Almas sencillas cobijadas en una divina novela. Eso sería quizás la vida humana óptima según el modelo metafísico que ofrece el último Unamuno (1930): un sacerdote del sueño: un enamorado del ser humano. El mensaje fundamental de la soteriología unamuniana sería simple: hay que vivir, lo que significa que hay que soñar. Soñar lo que sea, pero con plenitud, con ilusión. Y habría, por así decirlo, dos tipos de conciencia “humana”, dos “condiciones humanas”: unas plenamente dormidas (“el Pueblo”) y otras, incapaces de dormir (digamos las “insomnes”), se pondrían al servicio de las que duermen y les inocularían mundos (es decir palabras, relatos, mitos) para que fueran felices, para que estuvieran “contentas”). Las insomnes pondrían su sufrimiento al servicio de la felicidad ajena: y la felicidad no sería otra cosa que la fe, la esperanza: creer en la vida eterna (en plan radical, con resurrección de la carne incluso). Cabría pensar en una gran conspiración, una gran manipulación, basada en el amor infinito, no en la depredación. Imaginemos que algo/alguien nos estuviera cubriendo con una manta invisible, para protegernos del frío, como hacemos nosotros con nuestros hijos dormidos.

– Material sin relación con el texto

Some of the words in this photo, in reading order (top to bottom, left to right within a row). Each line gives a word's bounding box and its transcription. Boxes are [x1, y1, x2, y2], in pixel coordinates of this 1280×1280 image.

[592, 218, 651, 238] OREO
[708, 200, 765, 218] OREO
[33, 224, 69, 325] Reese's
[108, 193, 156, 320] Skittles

San Manuel Bueno Mártir, según la majestuosa novela de Unamuno, fue un cura que no creía en la vida después de la muerte, pero que, por amor a su pueblo, ocultó su secreto: le bastaba con sufrir él solo: por amor quería que su pueblo siguiera disfrutando del opio sagrado de la fe en lo que no es real: la “vida eterna”.

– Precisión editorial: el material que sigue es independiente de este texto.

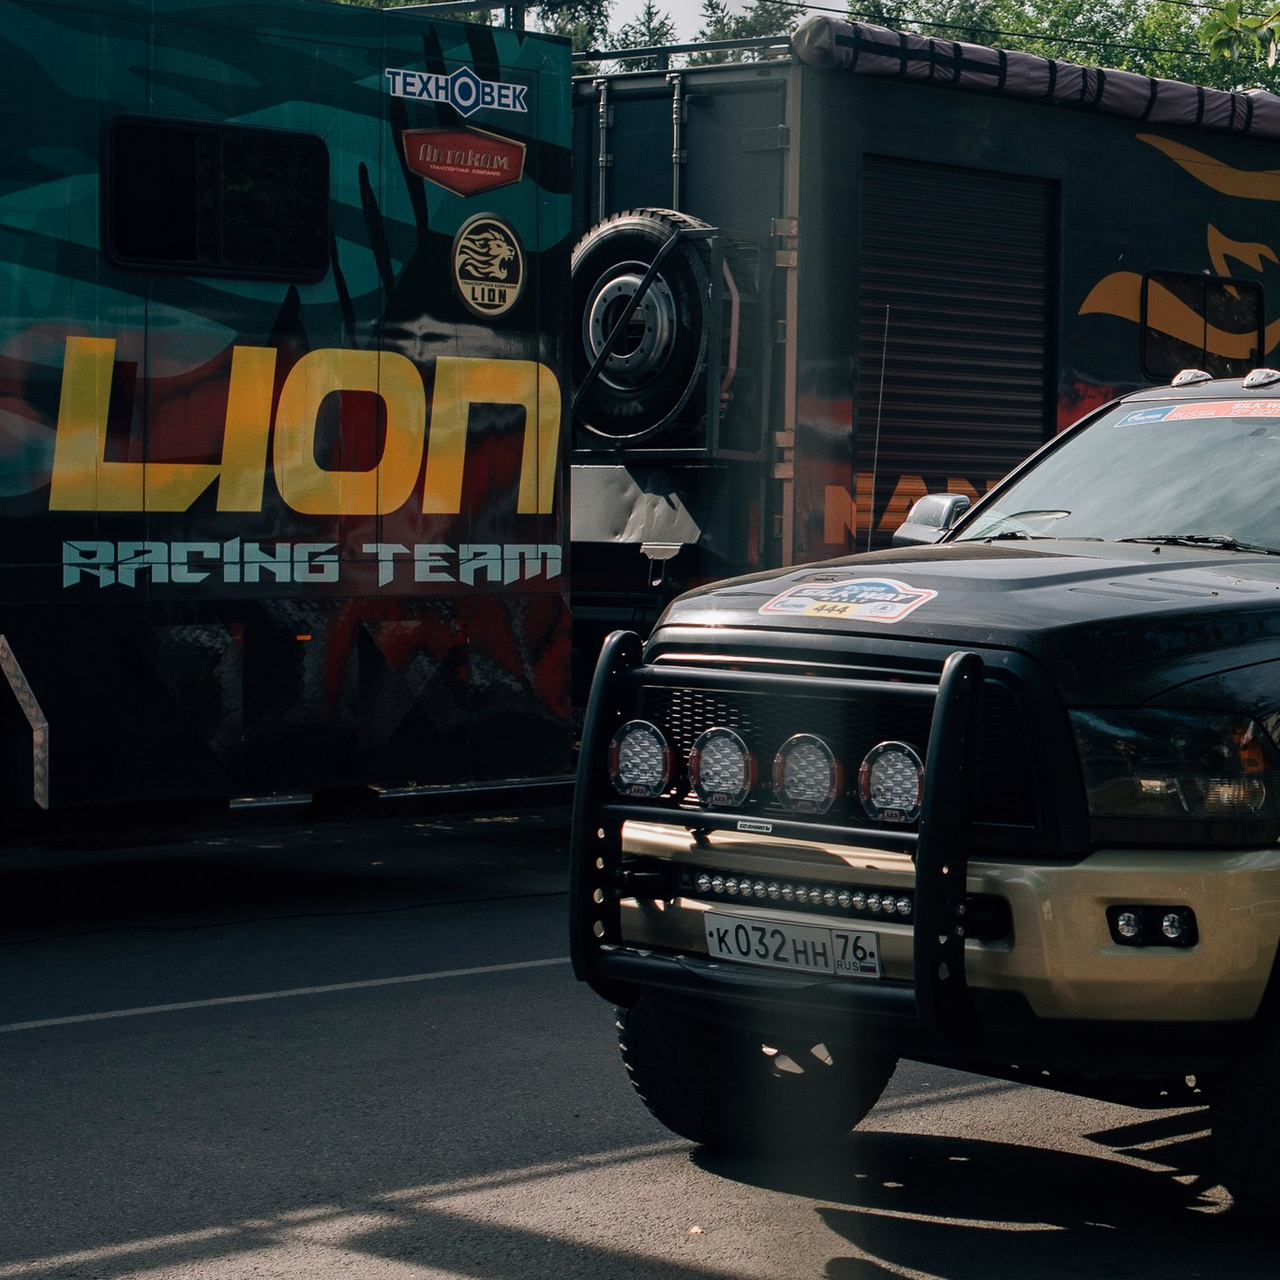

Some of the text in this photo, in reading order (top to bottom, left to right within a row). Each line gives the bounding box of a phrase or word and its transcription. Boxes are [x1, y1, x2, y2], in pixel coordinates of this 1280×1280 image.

[387, 70, 527, 111] ТЕХНОВЕК
[471, 287, 507, 303] LION
[1171, 409, 1217, 419] RUSSIA
[49, 336, 563, 515] LION
[62, 536, 563, 589] RACING TEAM
[795, 589, 915, 602] SILK WAY
[813, 603, 851, 614] 444
[835, 933, 867, 961] 76
[837, 960, 860, 971] RUS

¿En qué creía entonces San Manuel Bueno Mártir? En la vida, en el hombre, en el amor… y en la nada que aguardaba a sus queridos seres humanos -y a él mismo- tras la muerte. Creía por tanto en algo concreto: la nada, que rodearía con su límpido vacío metafísico la física del vivir en el tiempo (de vivir en un concreto -matemático- vector de tiempo). Se podría decir que Unamuno parte ya de donde quiso llegar Buda: la nada. La liberación budista estaría ya incorporada en la narrativa de ese mecanicismo nihilista que parece producirle tanto dolor a Unamuno.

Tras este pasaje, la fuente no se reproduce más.